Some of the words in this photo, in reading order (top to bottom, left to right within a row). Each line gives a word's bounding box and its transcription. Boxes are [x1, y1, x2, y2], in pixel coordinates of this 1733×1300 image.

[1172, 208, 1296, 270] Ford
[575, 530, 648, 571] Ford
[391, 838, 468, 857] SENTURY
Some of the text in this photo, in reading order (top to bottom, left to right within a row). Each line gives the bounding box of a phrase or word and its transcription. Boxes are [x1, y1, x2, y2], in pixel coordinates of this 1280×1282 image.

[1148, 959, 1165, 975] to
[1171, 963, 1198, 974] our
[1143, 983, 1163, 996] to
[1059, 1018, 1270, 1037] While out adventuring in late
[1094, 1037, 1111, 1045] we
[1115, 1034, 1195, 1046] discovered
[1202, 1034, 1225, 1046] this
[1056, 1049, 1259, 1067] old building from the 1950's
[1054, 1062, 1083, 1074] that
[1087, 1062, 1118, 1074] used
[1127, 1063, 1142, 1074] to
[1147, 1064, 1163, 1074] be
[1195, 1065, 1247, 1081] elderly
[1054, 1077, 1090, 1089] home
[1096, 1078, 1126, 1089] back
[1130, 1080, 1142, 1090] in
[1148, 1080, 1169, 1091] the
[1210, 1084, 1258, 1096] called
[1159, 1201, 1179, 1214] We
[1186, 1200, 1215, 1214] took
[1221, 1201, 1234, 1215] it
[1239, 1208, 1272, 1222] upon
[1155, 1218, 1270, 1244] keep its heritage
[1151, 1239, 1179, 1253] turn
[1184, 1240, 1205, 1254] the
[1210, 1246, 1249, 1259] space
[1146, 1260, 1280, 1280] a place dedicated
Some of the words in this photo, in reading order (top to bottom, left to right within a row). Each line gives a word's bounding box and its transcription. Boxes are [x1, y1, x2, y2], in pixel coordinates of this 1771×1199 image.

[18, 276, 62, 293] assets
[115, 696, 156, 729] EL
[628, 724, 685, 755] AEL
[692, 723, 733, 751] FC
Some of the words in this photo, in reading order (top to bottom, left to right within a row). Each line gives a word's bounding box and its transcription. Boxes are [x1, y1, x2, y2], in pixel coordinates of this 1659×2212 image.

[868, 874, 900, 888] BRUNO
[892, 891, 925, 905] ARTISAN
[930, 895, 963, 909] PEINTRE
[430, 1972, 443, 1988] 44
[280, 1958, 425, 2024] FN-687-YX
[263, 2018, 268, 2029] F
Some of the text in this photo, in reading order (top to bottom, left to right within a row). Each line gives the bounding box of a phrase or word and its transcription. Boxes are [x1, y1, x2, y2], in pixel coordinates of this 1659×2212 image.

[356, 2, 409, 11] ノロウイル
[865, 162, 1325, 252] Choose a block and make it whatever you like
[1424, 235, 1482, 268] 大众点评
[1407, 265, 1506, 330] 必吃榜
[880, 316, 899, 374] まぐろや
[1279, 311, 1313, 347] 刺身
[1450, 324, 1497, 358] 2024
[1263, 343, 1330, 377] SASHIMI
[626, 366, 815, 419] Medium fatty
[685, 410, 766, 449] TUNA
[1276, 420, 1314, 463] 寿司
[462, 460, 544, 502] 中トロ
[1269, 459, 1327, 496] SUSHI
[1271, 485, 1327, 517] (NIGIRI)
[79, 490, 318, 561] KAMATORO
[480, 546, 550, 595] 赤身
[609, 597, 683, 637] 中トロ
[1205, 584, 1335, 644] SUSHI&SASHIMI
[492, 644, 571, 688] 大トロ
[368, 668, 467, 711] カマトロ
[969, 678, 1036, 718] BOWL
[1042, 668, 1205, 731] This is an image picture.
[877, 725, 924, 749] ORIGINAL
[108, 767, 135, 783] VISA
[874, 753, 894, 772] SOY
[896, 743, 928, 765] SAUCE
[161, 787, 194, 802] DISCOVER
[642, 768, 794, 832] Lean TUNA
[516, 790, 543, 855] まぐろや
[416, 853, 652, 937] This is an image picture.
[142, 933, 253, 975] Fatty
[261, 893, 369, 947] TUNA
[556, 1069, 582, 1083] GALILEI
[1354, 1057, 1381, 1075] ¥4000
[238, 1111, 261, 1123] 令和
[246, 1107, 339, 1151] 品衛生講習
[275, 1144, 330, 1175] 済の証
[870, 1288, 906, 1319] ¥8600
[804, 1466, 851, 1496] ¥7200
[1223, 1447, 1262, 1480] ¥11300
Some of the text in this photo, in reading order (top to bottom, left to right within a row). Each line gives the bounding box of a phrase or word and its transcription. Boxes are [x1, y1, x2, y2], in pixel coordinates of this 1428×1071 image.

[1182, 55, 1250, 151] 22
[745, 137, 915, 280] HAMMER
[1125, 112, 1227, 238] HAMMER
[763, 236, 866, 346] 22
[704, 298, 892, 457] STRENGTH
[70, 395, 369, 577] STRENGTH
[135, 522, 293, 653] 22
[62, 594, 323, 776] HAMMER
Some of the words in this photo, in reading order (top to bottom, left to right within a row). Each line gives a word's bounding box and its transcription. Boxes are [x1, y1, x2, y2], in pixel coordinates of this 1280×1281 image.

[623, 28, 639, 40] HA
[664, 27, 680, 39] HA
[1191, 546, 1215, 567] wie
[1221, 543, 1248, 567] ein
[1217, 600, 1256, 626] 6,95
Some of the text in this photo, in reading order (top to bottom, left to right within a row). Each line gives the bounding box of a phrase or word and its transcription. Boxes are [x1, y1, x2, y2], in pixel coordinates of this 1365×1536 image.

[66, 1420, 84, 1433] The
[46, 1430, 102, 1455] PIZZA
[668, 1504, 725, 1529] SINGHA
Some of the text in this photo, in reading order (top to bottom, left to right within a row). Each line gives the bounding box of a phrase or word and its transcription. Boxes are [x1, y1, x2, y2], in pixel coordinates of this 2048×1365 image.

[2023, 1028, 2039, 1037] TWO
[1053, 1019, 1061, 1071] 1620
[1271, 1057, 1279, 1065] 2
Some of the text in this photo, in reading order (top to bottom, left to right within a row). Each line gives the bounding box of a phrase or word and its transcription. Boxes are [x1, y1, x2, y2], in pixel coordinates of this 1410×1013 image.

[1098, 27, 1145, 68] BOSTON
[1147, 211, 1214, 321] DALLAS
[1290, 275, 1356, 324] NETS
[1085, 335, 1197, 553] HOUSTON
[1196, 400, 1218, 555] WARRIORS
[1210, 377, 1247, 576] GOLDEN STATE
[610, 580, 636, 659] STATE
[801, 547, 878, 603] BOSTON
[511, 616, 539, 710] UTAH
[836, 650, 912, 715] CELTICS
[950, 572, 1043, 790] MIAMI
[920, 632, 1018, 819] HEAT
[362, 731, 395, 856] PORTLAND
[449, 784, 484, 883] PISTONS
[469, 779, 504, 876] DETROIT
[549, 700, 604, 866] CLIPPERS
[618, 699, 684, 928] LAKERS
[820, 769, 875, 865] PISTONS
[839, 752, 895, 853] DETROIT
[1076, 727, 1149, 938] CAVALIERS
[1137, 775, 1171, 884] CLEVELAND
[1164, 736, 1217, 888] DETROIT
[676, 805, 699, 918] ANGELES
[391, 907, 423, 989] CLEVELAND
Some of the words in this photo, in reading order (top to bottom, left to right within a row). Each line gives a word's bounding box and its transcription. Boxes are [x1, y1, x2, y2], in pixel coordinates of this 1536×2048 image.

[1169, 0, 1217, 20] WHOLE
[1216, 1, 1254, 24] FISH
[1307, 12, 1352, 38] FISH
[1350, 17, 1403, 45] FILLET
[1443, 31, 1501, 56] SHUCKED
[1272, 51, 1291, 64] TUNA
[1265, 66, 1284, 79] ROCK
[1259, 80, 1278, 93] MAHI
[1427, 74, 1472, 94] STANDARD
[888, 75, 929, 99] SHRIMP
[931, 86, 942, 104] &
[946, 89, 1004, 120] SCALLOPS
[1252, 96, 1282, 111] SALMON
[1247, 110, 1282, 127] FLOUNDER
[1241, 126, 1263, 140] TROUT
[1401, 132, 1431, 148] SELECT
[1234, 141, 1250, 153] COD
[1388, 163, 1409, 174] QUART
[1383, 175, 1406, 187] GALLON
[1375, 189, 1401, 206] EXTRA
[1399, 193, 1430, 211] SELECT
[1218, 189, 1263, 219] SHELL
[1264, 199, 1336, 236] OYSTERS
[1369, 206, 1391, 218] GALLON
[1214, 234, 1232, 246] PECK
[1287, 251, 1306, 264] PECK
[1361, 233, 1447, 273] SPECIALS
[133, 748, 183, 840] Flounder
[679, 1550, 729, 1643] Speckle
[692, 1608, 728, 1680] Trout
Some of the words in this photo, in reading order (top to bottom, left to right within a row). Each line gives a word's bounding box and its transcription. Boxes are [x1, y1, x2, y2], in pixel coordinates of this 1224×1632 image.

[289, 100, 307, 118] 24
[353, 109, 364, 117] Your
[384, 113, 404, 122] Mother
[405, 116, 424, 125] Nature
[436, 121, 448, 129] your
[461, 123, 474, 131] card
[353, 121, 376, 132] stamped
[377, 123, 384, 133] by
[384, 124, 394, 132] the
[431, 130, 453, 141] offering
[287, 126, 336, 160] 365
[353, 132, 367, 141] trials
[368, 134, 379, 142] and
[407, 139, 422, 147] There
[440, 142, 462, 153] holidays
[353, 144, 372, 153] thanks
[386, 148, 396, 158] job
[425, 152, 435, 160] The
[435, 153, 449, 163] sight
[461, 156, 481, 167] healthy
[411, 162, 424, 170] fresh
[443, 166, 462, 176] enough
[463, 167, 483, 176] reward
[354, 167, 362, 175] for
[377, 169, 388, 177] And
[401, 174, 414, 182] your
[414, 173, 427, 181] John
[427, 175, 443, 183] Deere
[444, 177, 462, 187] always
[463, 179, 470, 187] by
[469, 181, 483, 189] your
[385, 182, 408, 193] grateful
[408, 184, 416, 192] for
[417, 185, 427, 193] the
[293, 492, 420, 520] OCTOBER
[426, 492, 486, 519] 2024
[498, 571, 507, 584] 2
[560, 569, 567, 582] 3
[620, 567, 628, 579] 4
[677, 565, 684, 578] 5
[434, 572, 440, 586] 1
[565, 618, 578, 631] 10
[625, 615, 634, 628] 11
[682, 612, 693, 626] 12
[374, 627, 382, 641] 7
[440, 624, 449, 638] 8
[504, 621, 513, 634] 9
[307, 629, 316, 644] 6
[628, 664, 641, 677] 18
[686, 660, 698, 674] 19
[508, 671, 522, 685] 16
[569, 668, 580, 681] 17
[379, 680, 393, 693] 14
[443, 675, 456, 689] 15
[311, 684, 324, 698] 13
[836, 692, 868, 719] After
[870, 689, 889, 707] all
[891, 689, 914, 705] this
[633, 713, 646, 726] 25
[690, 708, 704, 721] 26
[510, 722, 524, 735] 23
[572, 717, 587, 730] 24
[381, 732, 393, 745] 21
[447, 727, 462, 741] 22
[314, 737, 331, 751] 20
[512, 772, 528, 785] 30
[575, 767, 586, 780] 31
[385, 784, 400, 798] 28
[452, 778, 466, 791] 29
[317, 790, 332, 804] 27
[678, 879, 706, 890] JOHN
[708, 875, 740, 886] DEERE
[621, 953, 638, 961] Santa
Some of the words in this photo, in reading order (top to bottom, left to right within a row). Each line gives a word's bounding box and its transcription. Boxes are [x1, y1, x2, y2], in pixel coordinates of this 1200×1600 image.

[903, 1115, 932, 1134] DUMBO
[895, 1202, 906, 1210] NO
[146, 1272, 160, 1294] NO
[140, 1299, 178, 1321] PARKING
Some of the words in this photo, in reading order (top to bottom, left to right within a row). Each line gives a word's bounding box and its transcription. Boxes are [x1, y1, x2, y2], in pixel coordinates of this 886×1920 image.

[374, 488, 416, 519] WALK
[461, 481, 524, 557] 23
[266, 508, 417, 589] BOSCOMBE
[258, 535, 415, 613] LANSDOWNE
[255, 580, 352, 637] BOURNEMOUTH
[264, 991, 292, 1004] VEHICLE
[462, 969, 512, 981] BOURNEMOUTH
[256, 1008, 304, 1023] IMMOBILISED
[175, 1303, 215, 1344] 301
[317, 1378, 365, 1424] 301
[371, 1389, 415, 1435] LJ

ASSIGNMENT: Your answer must be an exact transcription of the lines from the one containing "this 1200×1600 image." through the last line of the records above, and nothing else.

SOLUTION BELOW:
Some of the words in this photo, in reading order (top to bottom, left to right within a row). Each line gives a word's bounding box and its transcription. Boxes are [x1, y1, x2, y2], in pixel coordinates of this 1200×1600 image.

[903, 1115, 932, 1134] DUMBO
[895, 1202, 906, 1210] NO
[146, 1272, 160, 1294] NO
[140, 1299, 178, 1321] PARKING
Some of the words in this photo, in reading order (top to bottom, left to right within a row). Each line gives a word's bounding box and its transcription. Boxes are [x1, y1, x2, y2], in pixel coordinates of this 886×1920 image.

[374, 488, 416, 519] WALK
[461, 481, 524, 557] 23
[266, 508, 417, 589] BOSCOMBE
[258, 535, 415, 613] LANSDOWNE
[255, 580, 352, 637] BOURNEMOUTH
[264, 991, 292, 1004] VEHICLE
[462, 969, 512, 981] BOURNEMOUTH
[256, 1008, 304, 1023] IMMOBILISED
[175, 1303, 215, 1344] 301
[317, 1378, 365, 1424] 301
[371, 1389, 415, 1435] LJ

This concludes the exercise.